··· EXTRACTED INFORMATION

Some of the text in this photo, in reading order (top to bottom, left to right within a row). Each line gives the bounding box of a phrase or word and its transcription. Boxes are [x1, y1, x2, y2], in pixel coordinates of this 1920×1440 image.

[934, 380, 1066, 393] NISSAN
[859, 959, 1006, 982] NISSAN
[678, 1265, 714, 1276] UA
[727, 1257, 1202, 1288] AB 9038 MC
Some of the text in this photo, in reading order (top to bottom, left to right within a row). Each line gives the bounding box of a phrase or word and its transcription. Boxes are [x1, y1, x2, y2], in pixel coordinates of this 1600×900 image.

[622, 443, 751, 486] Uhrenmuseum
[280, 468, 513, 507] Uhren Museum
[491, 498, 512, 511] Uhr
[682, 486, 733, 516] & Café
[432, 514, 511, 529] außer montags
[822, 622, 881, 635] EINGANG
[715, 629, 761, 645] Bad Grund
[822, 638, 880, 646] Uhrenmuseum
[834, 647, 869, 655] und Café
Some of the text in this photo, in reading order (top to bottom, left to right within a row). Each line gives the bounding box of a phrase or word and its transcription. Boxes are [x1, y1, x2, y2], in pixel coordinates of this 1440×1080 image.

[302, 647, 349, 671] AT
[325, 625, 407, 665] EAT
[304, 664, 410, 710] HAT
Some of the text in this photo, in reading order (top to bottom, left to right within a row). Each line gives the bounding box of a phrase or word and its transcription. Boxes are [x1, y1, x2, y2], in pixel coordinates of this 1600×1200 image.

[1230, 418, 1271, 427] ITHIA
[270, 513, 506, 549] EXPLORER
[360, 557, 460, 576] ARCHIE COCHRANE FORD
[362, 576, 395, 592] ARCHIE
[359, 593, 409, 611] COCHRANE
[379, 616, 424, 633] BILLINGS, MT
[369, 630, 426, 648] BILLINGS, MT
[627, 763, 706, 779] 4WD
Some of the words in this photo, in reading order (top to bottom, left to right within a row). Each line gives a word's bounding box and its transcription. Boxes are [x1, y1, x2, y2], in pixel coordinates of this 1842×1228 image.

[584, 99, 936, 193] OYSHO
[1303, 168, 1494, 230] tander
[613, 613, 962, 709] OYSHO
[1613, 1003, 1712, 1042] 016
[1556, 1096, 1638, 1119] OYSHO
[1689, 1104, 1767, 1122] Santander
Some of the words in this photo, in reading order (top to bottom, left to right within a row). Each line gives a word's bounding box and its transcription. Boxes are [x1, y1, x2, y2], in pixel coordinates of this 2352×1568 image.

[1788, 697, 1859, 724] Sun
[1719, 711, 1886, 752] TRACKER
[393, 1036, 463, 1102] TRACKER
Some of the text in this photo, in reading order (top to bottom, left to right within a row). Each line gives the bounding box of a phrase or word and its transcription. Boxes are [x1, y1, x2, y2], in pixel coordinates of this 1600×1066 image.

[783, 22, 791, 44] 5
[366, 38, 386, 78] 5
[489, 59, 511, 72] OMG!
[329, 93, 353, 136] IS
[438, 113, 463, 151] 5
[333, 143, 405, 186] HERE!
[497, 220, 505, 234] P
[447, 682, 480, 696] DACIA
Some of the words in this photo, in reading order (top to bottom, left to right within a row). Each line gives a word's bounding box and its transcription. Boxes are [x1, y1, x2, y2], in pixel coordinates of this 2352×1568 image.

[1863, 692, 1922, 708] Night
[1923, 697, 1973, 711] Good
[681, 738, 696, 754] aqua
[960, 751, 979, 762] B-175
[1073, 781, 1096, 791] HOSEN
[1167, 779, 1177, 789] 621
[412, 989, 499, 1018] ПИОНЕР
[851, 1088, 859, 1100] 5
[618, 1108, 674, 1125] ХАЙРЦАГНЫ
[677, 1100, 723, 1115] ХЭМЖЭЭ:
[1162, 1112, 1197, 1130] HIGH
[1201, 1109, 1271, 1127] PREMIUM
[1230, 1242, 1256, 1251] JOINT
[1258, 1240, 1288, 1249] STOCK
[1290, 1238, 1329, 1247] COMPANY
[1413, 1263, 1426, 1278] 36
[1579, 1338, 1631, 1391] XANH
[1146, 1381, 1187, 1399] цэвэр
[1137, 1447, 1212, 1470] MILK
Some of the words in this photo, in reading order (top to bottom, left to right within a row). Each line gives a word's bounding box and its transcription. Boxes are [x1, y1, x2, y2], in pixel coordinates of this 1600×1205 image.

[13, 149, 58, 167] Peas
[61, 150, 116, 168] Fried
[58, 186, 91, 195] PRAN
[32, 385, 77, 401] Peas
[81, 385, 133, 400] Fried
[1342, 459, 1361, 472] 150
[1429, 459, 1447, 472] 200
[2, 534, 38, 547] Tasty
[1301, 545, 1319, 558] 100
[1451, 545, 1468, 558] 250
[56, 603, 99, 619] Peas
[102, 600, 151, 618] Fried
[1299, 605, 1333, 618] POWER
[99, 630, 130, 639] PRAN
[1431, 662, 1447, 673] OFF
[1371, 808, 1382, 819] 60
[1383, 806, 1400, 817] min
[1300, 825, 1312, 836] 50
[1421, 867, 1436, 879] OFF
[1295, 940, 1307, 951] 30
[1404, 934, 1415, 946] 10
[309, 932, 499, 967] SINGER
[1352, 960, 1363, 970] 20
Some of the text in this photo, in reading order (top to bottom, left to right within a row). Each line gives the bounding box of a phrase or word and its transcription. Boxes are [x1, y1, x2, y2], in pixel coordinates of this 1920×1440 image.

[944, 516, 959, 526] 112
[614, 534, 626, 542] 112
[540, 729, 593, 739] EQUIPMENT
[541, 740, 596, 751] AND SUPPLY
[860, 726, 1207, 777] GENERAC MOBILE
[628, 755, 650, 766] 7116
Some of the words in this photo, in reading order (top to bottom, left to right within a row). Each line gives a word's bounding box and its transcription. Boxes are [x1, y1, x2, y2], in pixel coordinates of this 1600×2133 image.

······

- [TO DO] Every record must appear in the answer exactly as it does above.

- [ANSWER TO THIS EXERCISE]
Some of the text in this photo, in reading order (top to bottom, left to right within a row). Each line gives the bounding box of a phrase or word and its transcription. Boxes are [x1, y1, x2, y2], in pixel coordinates of this 1920×1440 image.

[934, 380, 1066, 393] NISSAN
[859, 959, 1006, 982] NISSAN
[678, 1265, 714, 1276] UA
[727, 1257, 1202, 1288] AB 9038 MC
Some of the text in this photo, in reading order (top to bottom, left to right within a row). Each line gives the bounding box of a phrase or word and its transcription. Boxes are [x1, y1, x2, y2], in pixel coordinates of this 1600×900 image.

[622, 443, 751, 486] Uhrenmuseum
[280, 468, 513, 507] Uhren Museum
[491, 498, 512, 511] Uhr
[682, 486, 733, 516] & Café
[432, 514, 511, 529] außer montags
[822, 622, 881, 635] EINGANG
[715, 629, 761, 645] Bad Grund
[822, 638, 880, 646] Uhrenmuseum
[834, 647, 869, 655] und Café
Some of the text in this photo, in reading order (top to bottom, left to right within a row). Each line gives the bounding box of a phrase or word and its transcription. Boxes are [x1, y1, x2, y2], in pixel coordinates of this 1440×1080 image.

[302, 647, 349, 671] AT
[325, 625, 407, 665] EAT
[304, 664, 410, 710] HAT
Some of the text in this photo, in reading order (top to bottom, left to right within a row). Each line gives the bounding box of a phrase or word and its transcription. Boxes are [x1, y1, x2, y2], in pixel coordinates of this 1600×1200 image.

[1230, 418, 1271, 427] ITHIA
[270, 513, 506, 549] EXPLORER
[360, 557, 460, 576] ARCHIE COCHRANE FORD
[362, 576, 395, 592] ARCHIE
[359, 593, 409, 611] COCHRANE
[379, 616, 424, 633] BILLINGS, MT
[369, 630, 426, 648] BILLINGS, MT
[627, 763, 706, 779] 4WD
Some of the words in this photo, in reading order (top to bottom, left to right within a row). Each line gives a word's bounding box and its transcription. Boxes are [x1, y1, x2, y2], in pixel coordinates of this 1842×1228 image.

[584, 99, 936, 193] OYSHO
[1303, 168, 1494, 230] tander
[613, 613, 962, 709] OYSHO
[1613, 1003, 1712, 1042] 016
[1556, 1096, 1638, 1119] OYSHO
[1689, 1104, 1767, 1122] Santander
Some of the words in this photo, in reading order (top to bottom, left to right within a row). Each line gives a word's bounding box and its transcription. Boxes are [x1, y1, x2, y2], in pixel coordinates of this 2352×1568 image.

[1788, 697, 1859, 724] Sun
[1719, 711, 1886, 752] TRACKER
[393, 1036, 463, 1102] TRACKER
Some of the text in this photo, in reading order (top to bottom, left to right within a row). Each line gives the bounding box of a phrase or word and its transcription. Boxes are [x1, y1, x2, y2], in pixel coordinates of this 1600×1066 image.

[783, 22, 791, 44] 5
[366, 38, 386, 78] 5
[489, 59, 511, 72] OMG!
[329, 93, 353, 136] IS
[438, 113, 463, 151] 5
[333, 143, 405, 186] HERE!
[497, 220, 505, 234] P
[447, 682, 480, 696] DACIA
Some of the words in this photo, in reading order (top to bottom, left to right within a row). Each line gives a word's bounding box and its transcription. Boxes are [x1, y1, x2, y2], in pixel coordinates of this 2352×1568 image.

[1863, 692, 1922, 708] Night
[1923, 697, 1973, 711] Good
[681, 738, 696, 754] aqua
[960, 751, 979, 762] B-175
[1073, 781, 1096, 791] HOSEN
[1167, 779, 1177, 789] 621
[412, 989, 499, 1018] ПИОНЕР
[851, 1088, 859, 1100] 5
[618, 1108, 674, 1125] ХАЙРЦАГНЫ
[677, 1100, 723, 1115] ХЭМЖЭЭ:
[1162, 1112, 1197, 1130] HIGH
[1201, 1109, 1271, 1127] PREMIUM
[1230, 1242, 1256, 1251] JOINT
[1258, 1240, 1288, 1249] STOCK
[1290, 1238, 1329, 1247] COMPANY
[1413, 1263, 1426, 1278] 36
[1579, 1338, 1631, 1391] XANH
[1146, 1381, 1187, 1399] цэвэр
[1137, 1447, 1212, 1470] MILK
Some of the words in this photo, in reading order (top to bottom, left to right within a row). Each line gives a word's bounding box and its transcription. Boxes are [x1, y1, x2, y2], in pixel coordinates of this 1600×1205 image.

[13, 149, 58, 167] Peas
[61, 150, 116, 168] Fried
[58, 186, 91, 195] PRAN
[32, 385, 77, 401] Peas
[81, 385, 133, 400] Fried
[1342, 459, 1361, 472] 150
[1429, 459, 1447, 472] 200
[2, 534, 38, 547] Tasty
[1301, 545, 1319, 558] 100
[1451, 545, 1468, 558] 250
[56, 603, 99, 619] Peas
[102, 600, 151, 618] Fried
[1299, 605, 1333, 618] POWER
[99, 630, 130, 639] PRAN
[1431, 662, 1447, 673] OFF
[1371, 808, 1382, 819] 60
[1383, 806, 1400, 817] min
[1300, 825, 1312, 836] 50
[1421, 867, 1436, 879] OFF
[1295, 940, 1307, 951] 30
[1404, 934, 1415, 946] 10
[309, 932, 499, 967] SINGER
[1352, 960, 1363, 970] 20
Some of the text in this photo, in reading order (top to bottom, left to right within a row). Each line gives the bounding box of a phrase or word and its transcription. Boxes are [x1, y1, x2, y2], in pixel coordinates of this 1920×1440 image.

[944, 516, 959, 526] 112
[614, 534, 626, 542] 112
[540, 729, 593, 739] EQUIPMENT
[541, 740, 596, 751] AND SUPPLY
[860, 726, 1207, 777] GENERAC MOBILE
[628, 755, 650, 766] 7116
Some of the words in this photo, in reading order (top to bottom, left to right within a row). Each line gives a word's bounding box and its transcription. Boxes are [x1, y1, x2, y2], in pixel coordinates of this 1600×2133 image.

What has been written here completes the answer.